Carlynne Hershberger, CPSA said...

I like this post! It reminds me of the day I woke up and realized that I had been having a rant in my head, every morning while showering, for literally years. I was ranting and raging at the people who railroaded me into losing my daughter. The same tape played on and on, I got angrier and angrier and then one day I noticed that those other people were just going about their business. They weren't thinking about it, didn't hear my rant, just had a merry ole day. I wasn't hurting them, just making myself miserable. I finally figured out that I could control what I was thinking about and had to change it. And that changed everything else.

Lori said...

I am still learning this, but it gets easier every day. I realized that while I blog and yell (figuratively) it takes for another to actually hear it to understand...so, I blog for me, I blog to show a few of those young women out there that life is not over when they have a child or even when they surrender a child....

I guess that is why I am getting healthier after a lifetime of self-destructive behavior...

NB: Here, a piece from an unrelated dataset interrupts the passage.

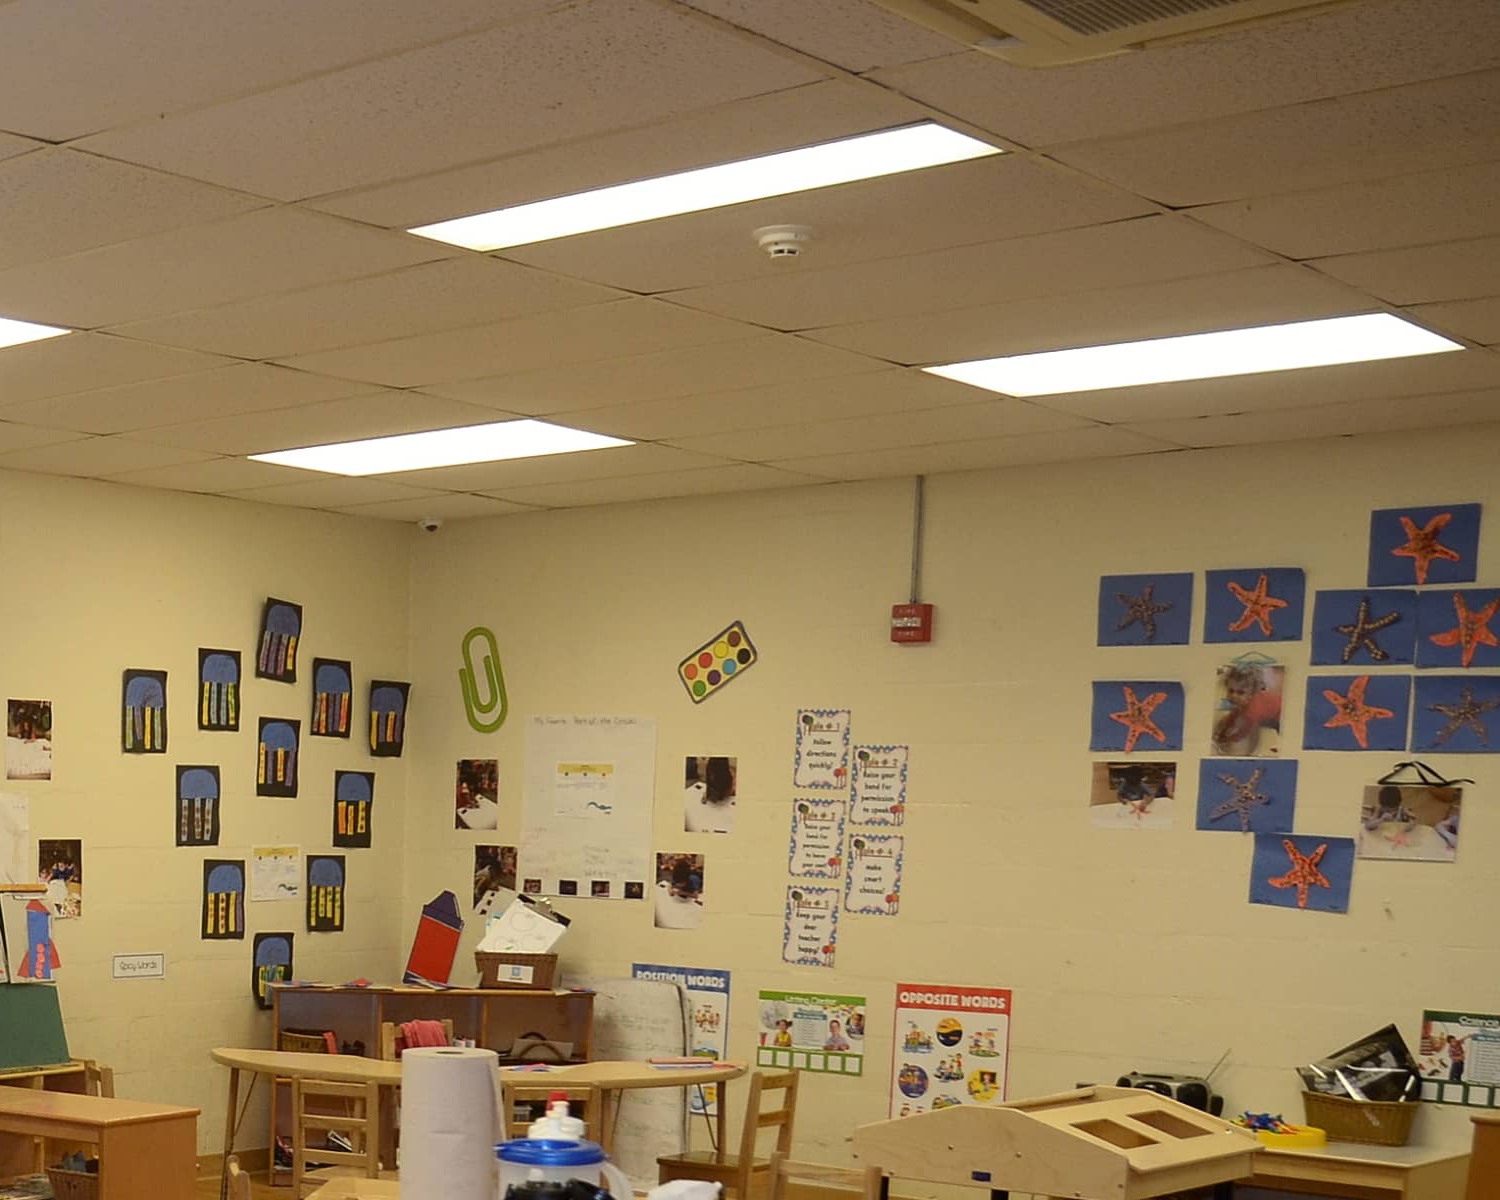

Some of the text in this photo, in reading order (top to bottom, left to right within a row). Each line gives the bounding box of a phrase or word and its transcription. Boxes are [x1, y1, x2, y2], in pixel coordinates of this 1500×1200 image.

How funny that I did not read your post until after I had written mine!

Von said...

Great post, "What have you done to change?" is always such a good question.How fortunate we are to meet Minnie O's in our lives.
Love to post a link if I may.

Robin said...

Certainly, Von. I'm flattered.

ms. marginalia said...

I really like what you say about acknowledging what is beyond our control, and acknowledging feelings, and then trying to come up with a way to integrate things and get the ass out of the ditch.

It is not an simple task, and it certainly is easy to get stuck in the spin cycle of self-reference.

I am not quite sure yet what my plan out of the ditch will be, but I am glad to be in such good company in finding my way forward.